As the Special Rapporteur has stated:
‘Indeed, the right to freedom of expression includes the right to scrutinize, debate openly, make statements that offend, shock and disturb, and criticize belief systems, opinions and institutions, including religious ones …’
‘As the Special Rapporteur has previously emphasized, for the right to freedom of thought, conscience and religion to be fully realized, robust examination and criticism of religious doctrines and practices — even in a harsh manner — must also be allowed.’
So if you criticise the religion of Islam, and some wingnut calls you a ‘racist’ for doing so, you can tell them that you are not talking about hardware, you are talking about software.
And obviously, religious software can run on any human hardware. It doesn't matter what a person's 'race' is. Anyone on earth can believe that the truth claims made by the Islamic religion correspond to reality. You might want to mention the ‘ginger jihadi’ Abdullah Elmir and the ‘white widow’ Samantha Lewthwaite when you make this point, to make sure that the person before you gets it.
Try putting this to them: The only possible way that ‘race’ could be involved when someone was discussing Islam would be if that religion’s software was only designed to run on people of a particular ‘race’, so that only people of a particular ‘race’ could possibly become Muslims. Is that what they are saying? That Islam itself is ‘racist’, because if someone is the wrong ‘race’ they can’t become a Muslim? Is that true?
If they say yes, then you have them. If they say no, then you have them.
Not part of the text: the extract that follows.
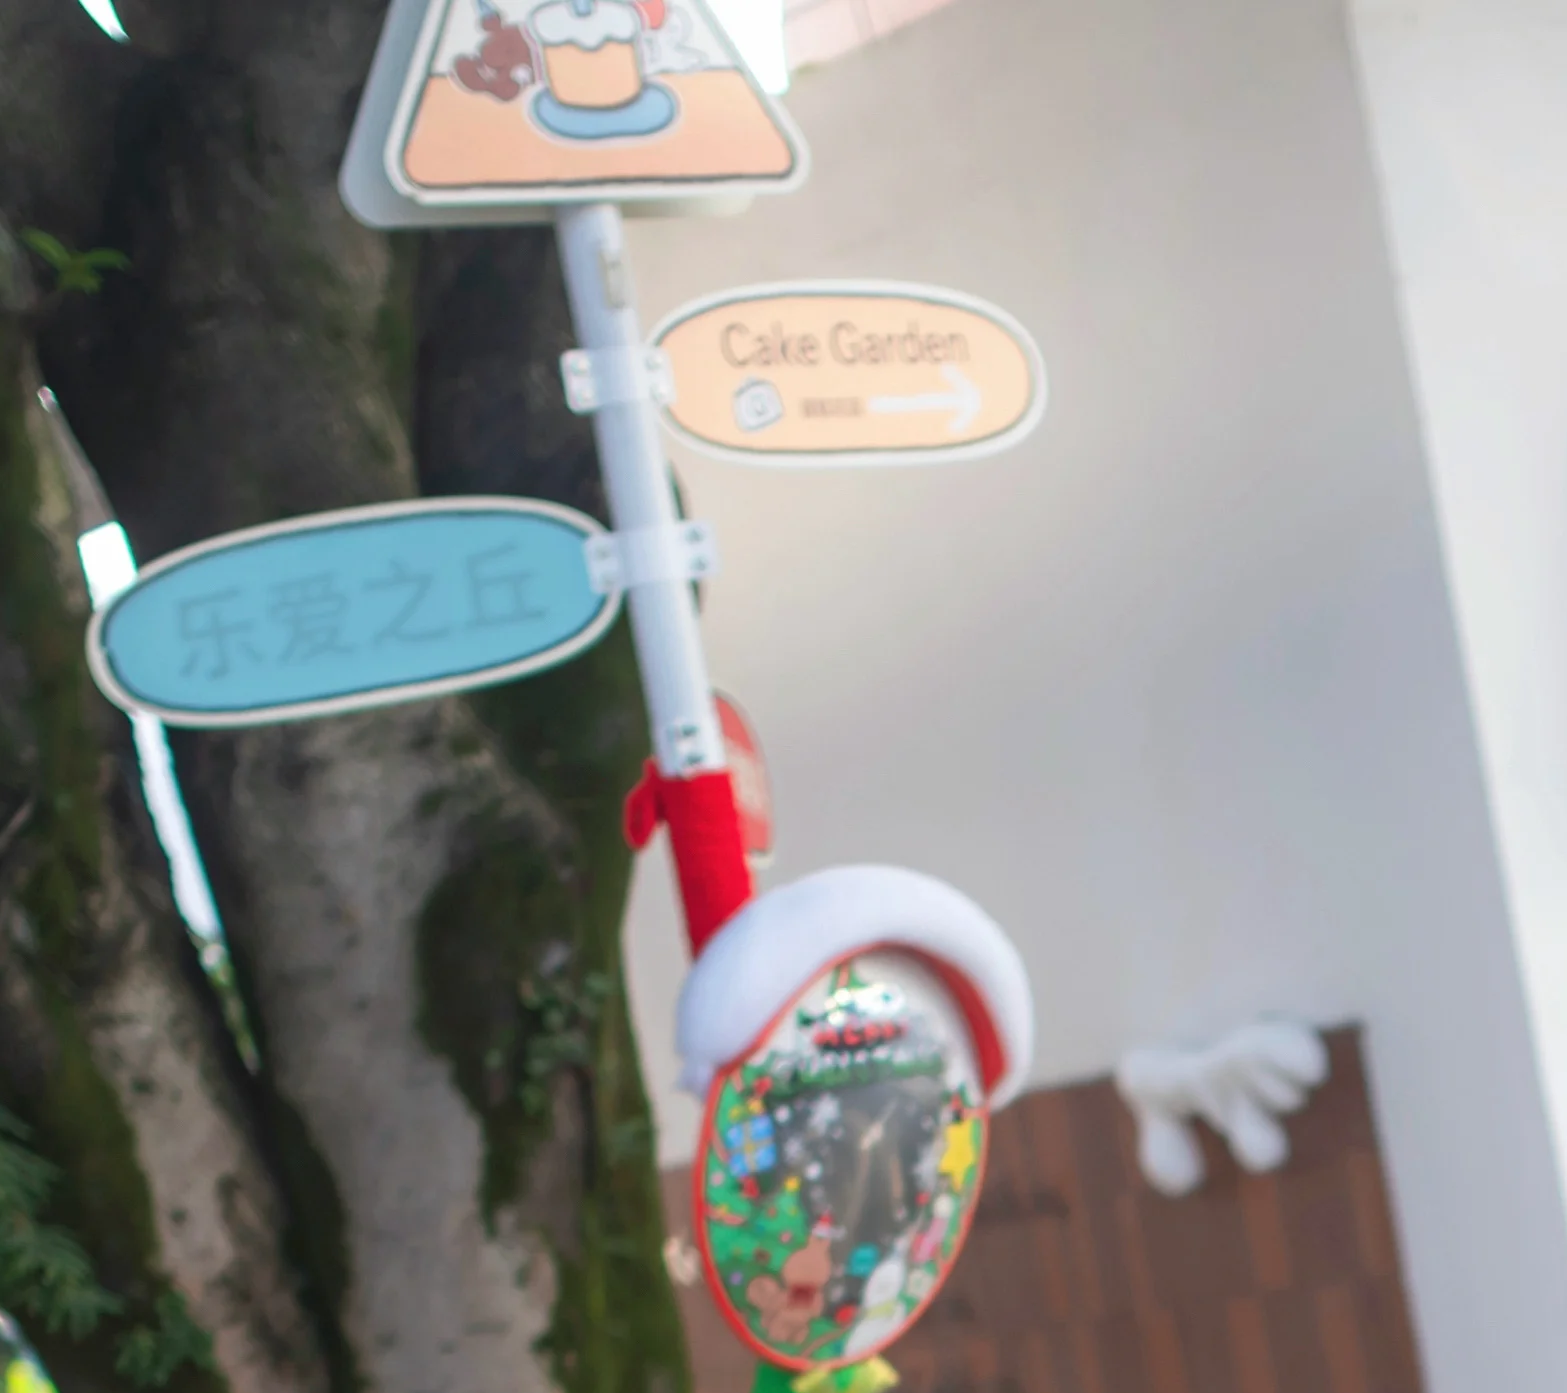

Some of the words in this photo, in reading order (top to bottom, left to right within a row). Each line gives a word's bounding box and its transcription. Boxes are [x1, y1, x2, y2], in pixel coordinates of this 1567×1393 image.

[720, 322, 821, 367] Cake
[829, 320, 971, 366] Garden
[178, 542, 549, 681] 乐爱之丘
Obviously, it's not true. Anyone can choose to believe that the truth claims made by the Islamic religion, as opposed to the entirely different truth claims made by every other religion, correspond to reality. That would be why you reminded them about the 'ginger jihadi' and the 'white widow'. And that’s the point. That is the point.
It’s not about human hardware. It never has been.
It’s the software, stupid.
La Rue, F. Promotion and protection of the right to freedom of opinion and expression, UN General Assembly, 67th Session, A/67/357, September 7th 2012, paragraphs 35, 36 and 53, available at: Office of the High Commissioner of Human Rights > English > Human Rights Bodies > Special Procedures > General Assembly 67th session (accessed 17th Dec 2015).